最近は随分と暖かくなってきて家の前の甲突川の桜も咲き始めました、そうなるとそろそろアイスクリームもイメージチェンジな時期ですが、最近はチョコレートの本格的検証に取り掛かっています、先ずはDOMORIの2種類のクーベルチュールを使い、シャーベットとアイスクリームを作ることにしました。
爽やかでめちゃくちゃフルーティーなマダガスカル産ザンビラーノをシャーベットに、素晴らしいコクのベネズエラ産スル・デル・ラゴはミルクと合わせても力強い香ですが、僕のイメージではドーモリ社はチョコレート屋よりカカオ屋のイメージ?カカオをこよなく愛するマニアック集団ですが僕は大好き、このクーベルチュールは2つともシングルオリジンエステートでそれぞれに素晴らしい産地の特長が出ています、そんな最高の素材を使って作りますが中々苦戦しております。。

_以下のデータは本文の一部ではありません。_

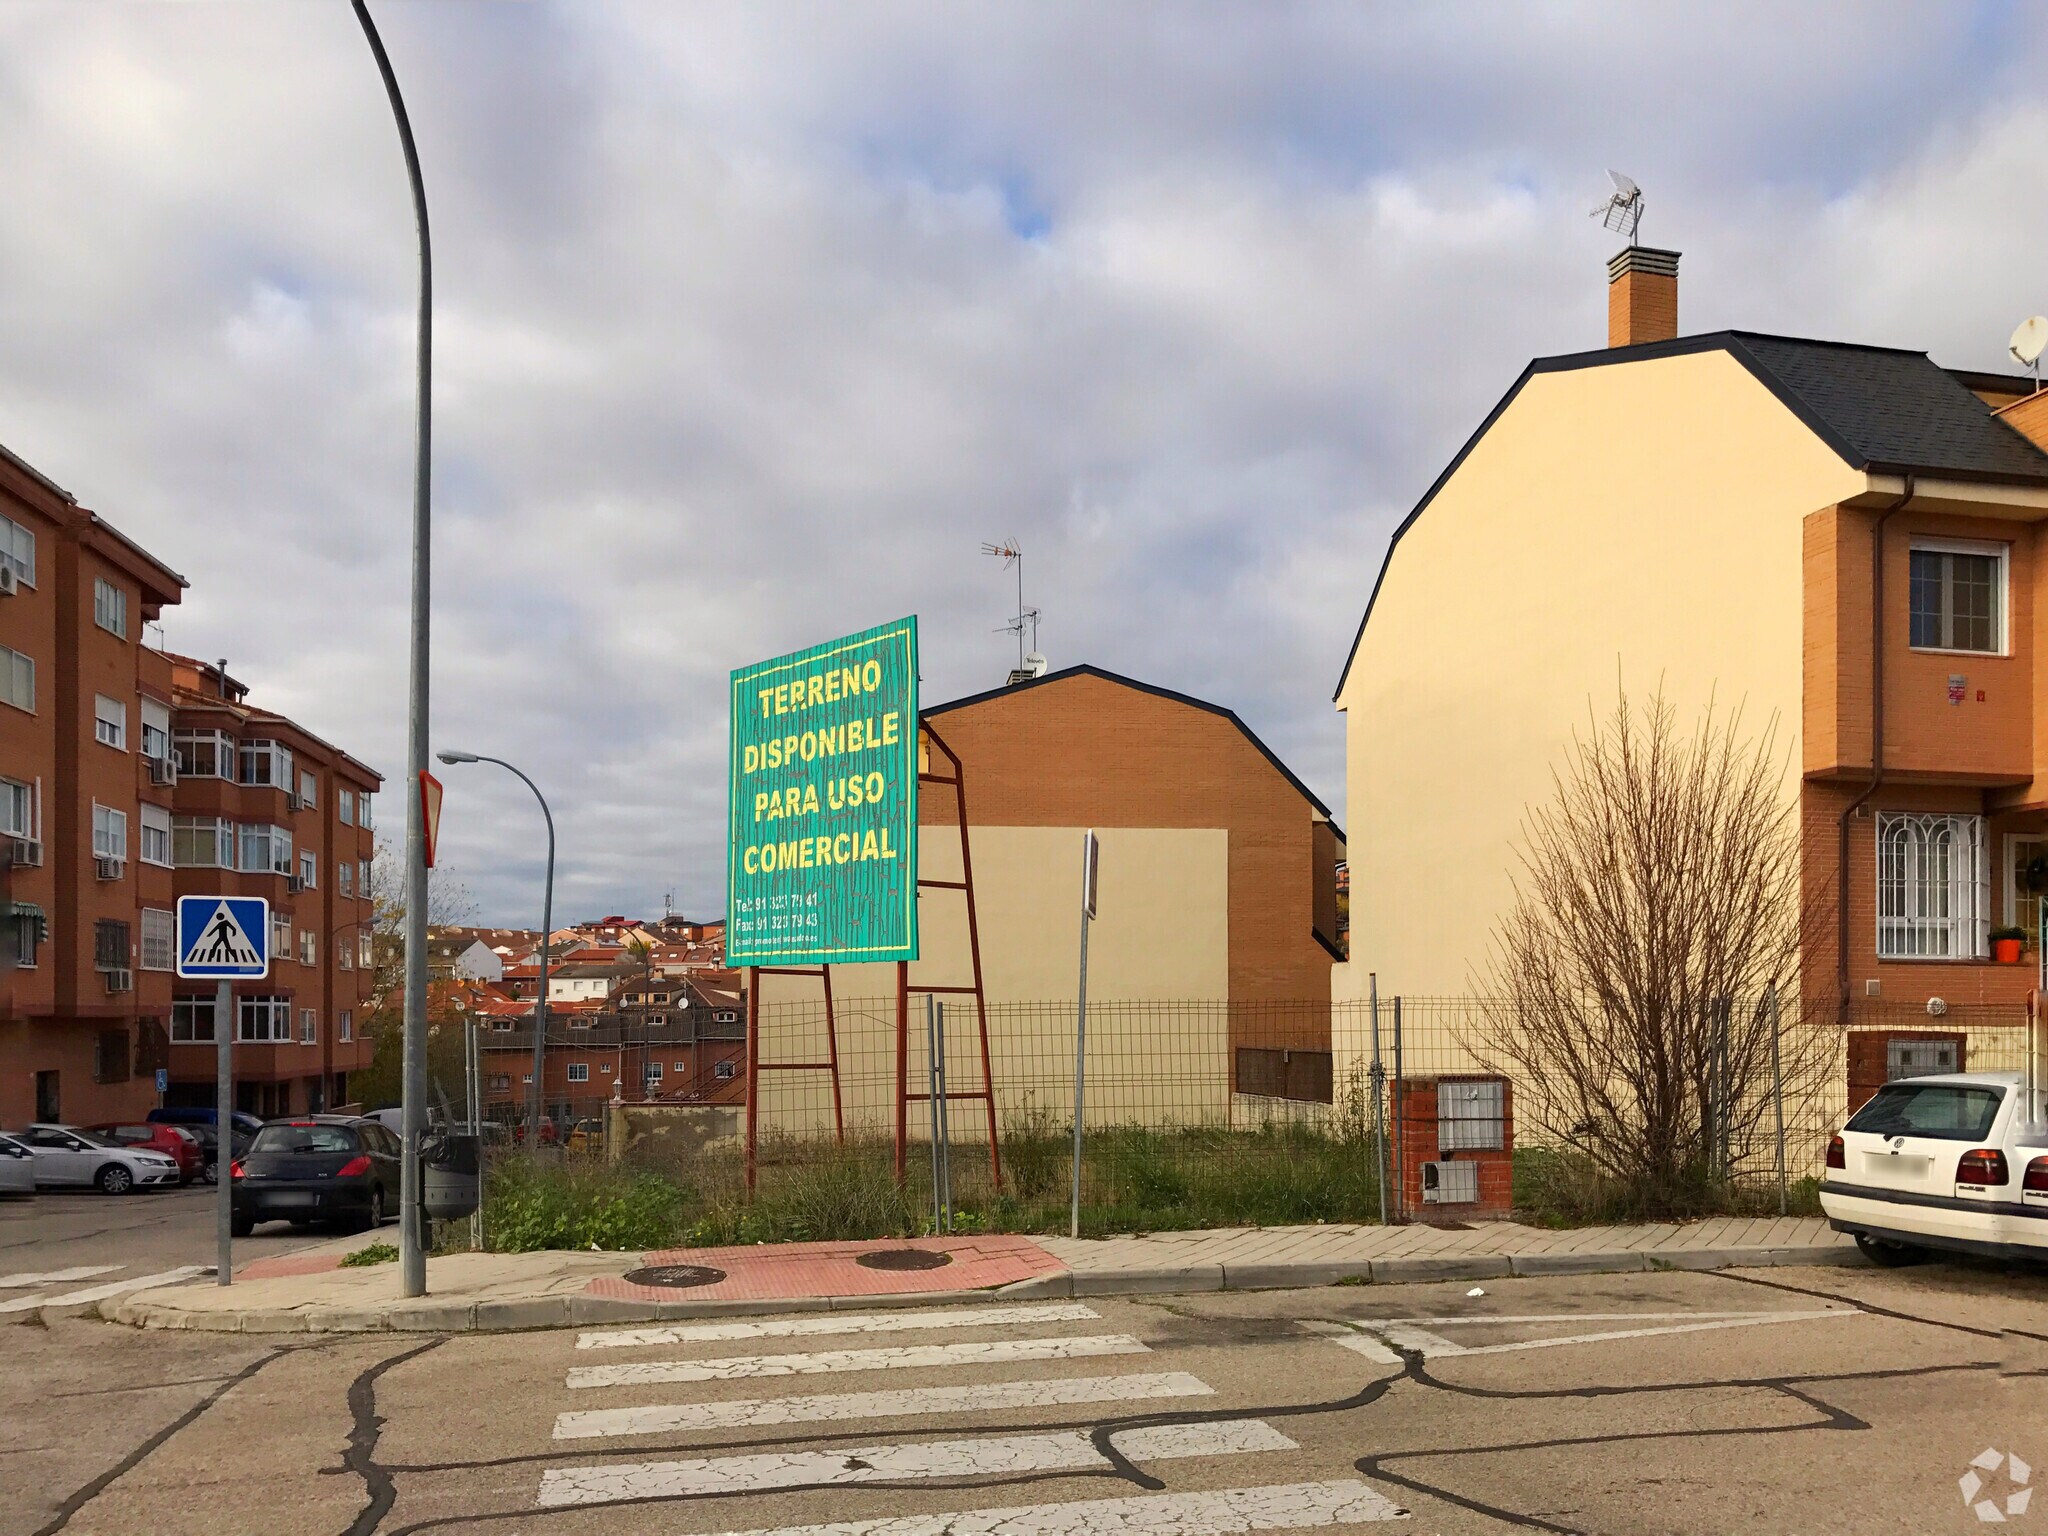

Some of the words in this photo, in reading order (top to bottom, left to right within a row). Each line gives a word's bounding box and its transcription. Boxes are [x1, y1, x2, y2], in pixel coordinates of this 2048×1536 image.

[758, 660, 881, 718] TERRENO
[744, 711, 898, 774] DISPONIBLE
[755, 784, 819, 822] PARA
[828, 771, 884, 811] USO
[744, 828, 896, 875] COMERCIAL
[736, 918, 754, 931] Fax:
[757, 916, 767, 930] 91
[771, 915, 788, 929] 323
[791, 914, 803, 927] 79
[806, 913, 818, 926] 43
[756, 897, 766, 910] 91
[806, 892, 817, 907] 41

何が難しいのか?それはバランスこれが全てです、、作り方の方向性としては正しいと確信しましたが、あとは微妙なバランスが難しい、、、おっ!この温度計はエスプレッソマシンの湯温以外にも色々役立ちます。
そして先日は気になっている素材も試してみました、それが北欧ダニスコ社のフルーツシュガー、果物や野菜の中に存在する天然の甘味料いわゆる果糖です、素材の風味を全面に出してくれる甘さ・・とは聞きましたが・・・甘い、甘すぎるぞ、、甘さとバランスが難しい、これじゃカカオの持つフルーツ感やコクが台無し、それを程よい甘さで引き立てて全面に出したい、次はグラニュー糖とトレハロースの組合せで試してみよう、それとコクを考えたらカカオパウダーも重要、中々理想のものがありませんが、品種違いだけどドーモリの油脂分高めのものを発注したので届くのが楽しみです。。
まだまだ苦戦はしていますが本当に方向性としては間違っていない、あとは細かい微調整でそれがとても重要、スタッフに食べさせたら特にシャーベットは冷たい生チョコレートのようと・・そりゃそうでしょ、鹿児島ではこの風味、食感はありえない、他のお店の事はいいのですが、特にシャーベットはここでしか食べられない、本当に本物を提供したい、しかしまだまだ甘いし重い、でも重いのは良いこと?滑らかなんてレベルじゃなくとんでもないボディー、だからチョコレートだけシャーベットとミルクチョコのセットで食べて頂こうかとも考えています、一種類の分量は少し減りますがその分違う味わいを楽しめます、僕も客観的に席に座って落ち着いて食べてみたら、シャーベットとミルクチョコ交互に食べると旨い!少し重くなったら今度はミルクチョコ、するとお口もサッパリします、より強いカカオの風味を楽しめるのはシャーベット、ミルクチョコはミルクとのマリアージュですがこれも納得には程遠い、カプチーノのようなカカオとミルクのバランス、甘さとのバランス、まだまだこれから検証です。
そして安定剤も再検証、安定剤という言葉を聞くと天然素材ナチュラルアイスクリームと言ってるのにマイナスなイメージが沸くかもしれませんが、物にもよりますが天然の物質から抽出されています、例えばペクチンなんかはフルーツによく含まれている成分、海藻などもあります、よく安定剤を使わないで天然とか唄ってるけど考えられない、、特にミルクには乳化がないと、増粘剤も必要だしおいしいアイスクリーム作りに安定剤はぜーったい必要!だから色々考えて試しています、もう少し余裕が出たら葛とか寒天とか使って色々実験してみたい、エルブジが開発したテクスチャーシリーズってのもぶっちゃげ気になります、それからチョコレートだけじゃなくてこれからはフルーツ全盛期、今年も色々と考えていますが取り合えずコンセプトを決めて昨年とはアプローチからがらっと変わりますお楽しみに、、カップ詰め販売も考えてはいますがまだまだそんな段階じゃない、その前にお店での売り方から考え直し、美味しいものを作るには勿論素材も手間もかかります、チョコレートなんて慣れてないせいもあるけど今までの10倍以上の手間、他にも色々問題点はありますが、、、あぁそれにしても物作りってなんて楽しいんでしょ!